§ Assignment: Please keep the images out and set down the data exactly as given.

(Images for object localization)
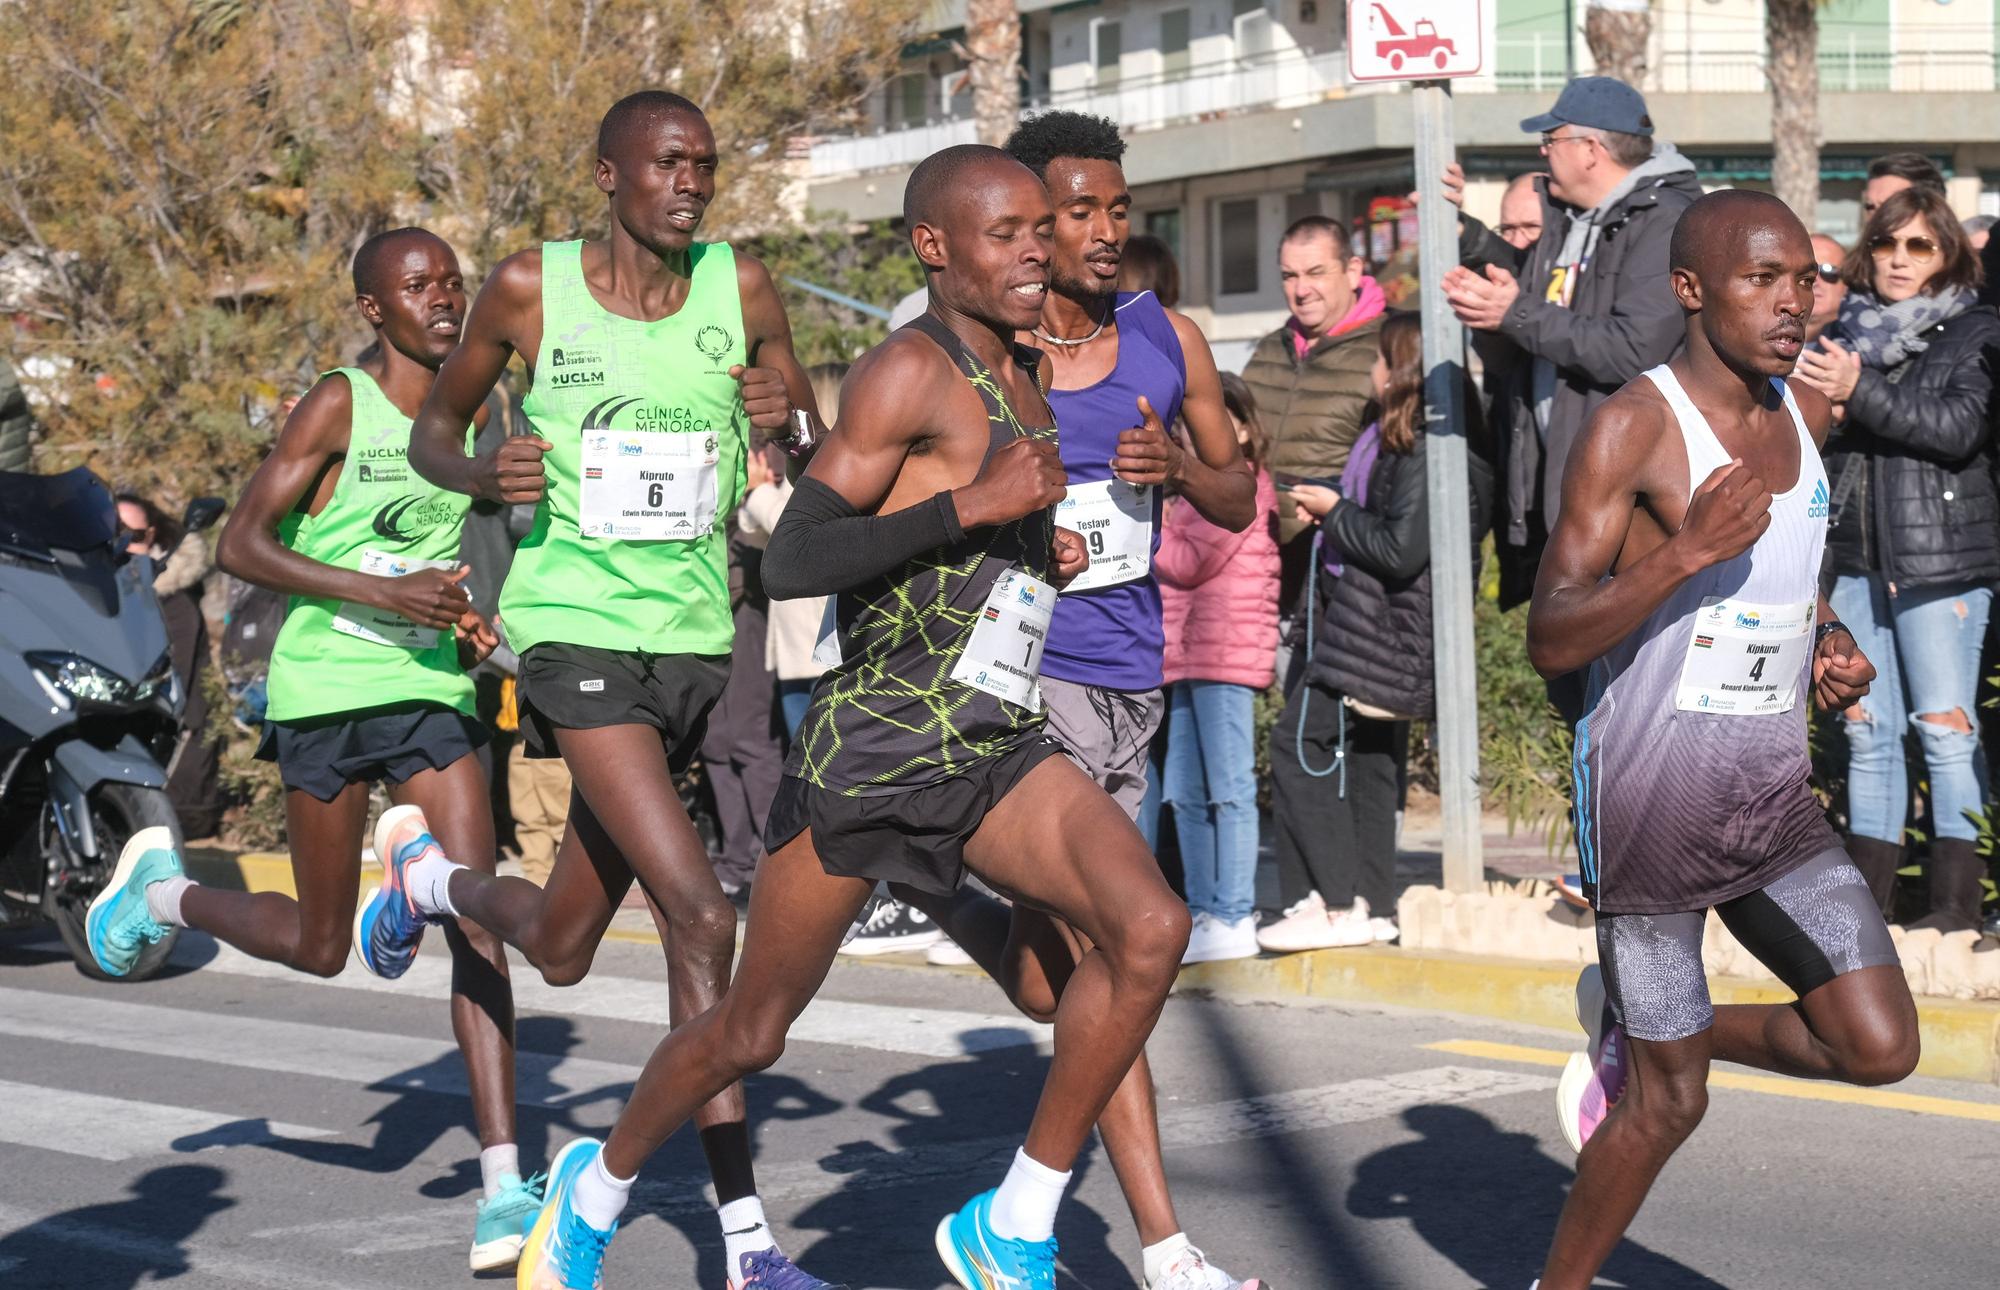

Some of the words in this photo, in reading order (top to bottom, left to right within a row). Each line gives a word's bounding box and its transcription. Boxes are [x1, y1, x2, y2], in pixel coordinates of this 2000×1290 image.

[560, 371, 604, 384] UCLM
[635, 406, 692, 419] CLÍNICA
[635, 420, 712, 433] MENORCA
[368, 448, 406, 458] UCLM
[639, 470, 674, 482] Kipruto
[647, 483, 664, 508] 6
[416, 513, 459, 527] MENORC
[1077, 518, 1111, 530] Tesfaye
[1089, 530, 1105, 555] 9
[1023, 640, 1034, 668] 1
[1746, 644, 1781, 655] Kipkurui
[993, 660, 1009, 672] Alfred
[1749, 656, 1766, 682] 4
[1720, 683, 1742, 692] Benard
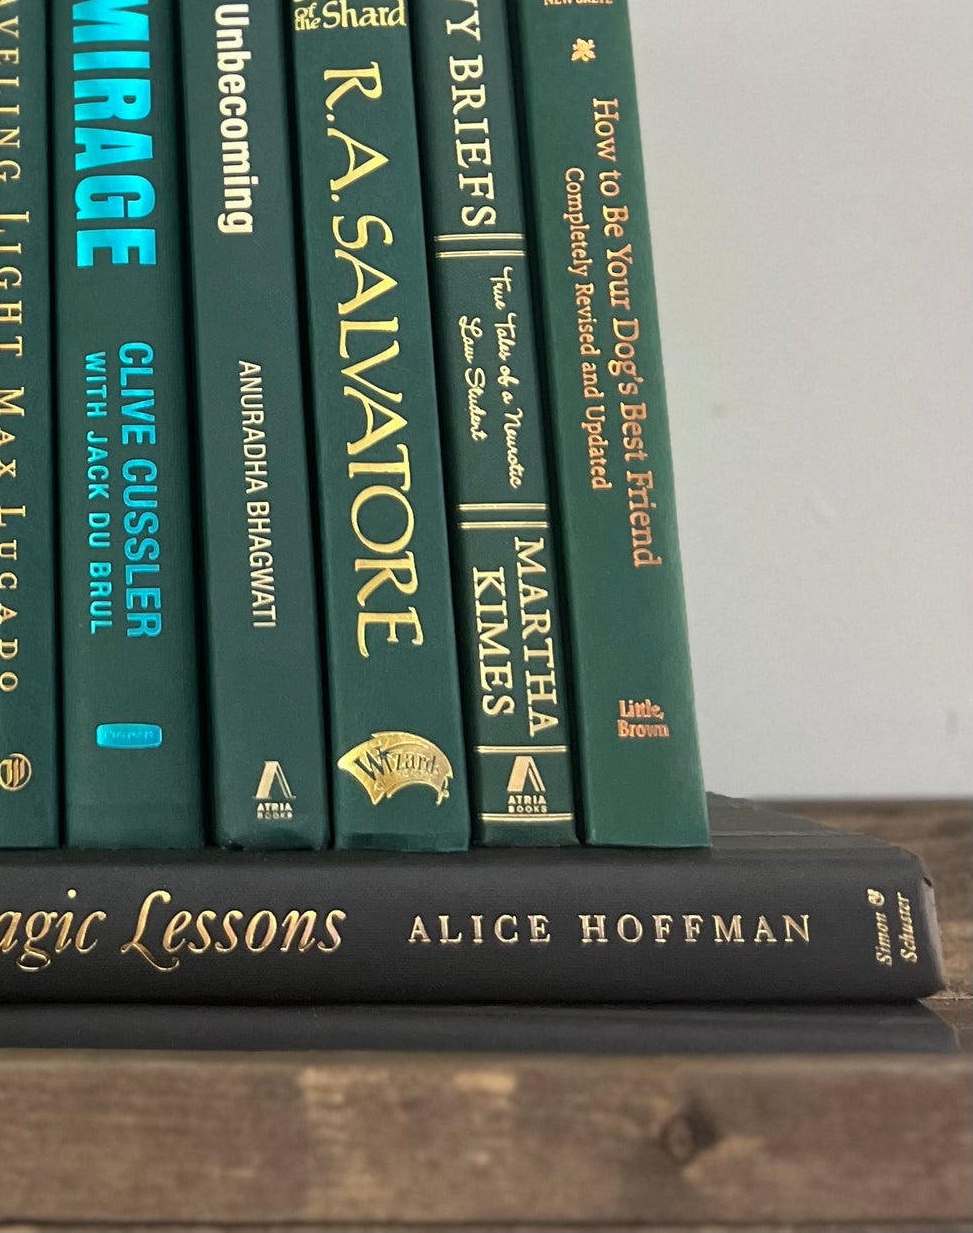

§ Expected output:
Some of the words in this photo, in reading order (top to bottom, left to right within a row). Each line gives a word's bounding box and its transcription. Boxes are [x1, y1, x2, y2], in pixel coordinates of this 2000×1290 image.

[560, 371, 604, 384] UCLM
[635, 406, 692, 419] CLÍNICA
[635, 420, 712, 433] MENORCA
[368, 448, 406, 458] UCLM
[639, 470, 674, 482] Kipruto
[647, 483, 664, 508] 6
[416, 513, 459, 527] MENORC
[1077, 518, 1111, 530] Tesfaye
[1089, 530, 1105, 555] 9
[1023, 640, 1034, 668] 1
[1746, 644, 1781, 655] Kipkurui
[993, 660, 1009, 672] Alfred
[1749, 656, 1766, 682] 4
[1720, 683, 1742, 692] Benard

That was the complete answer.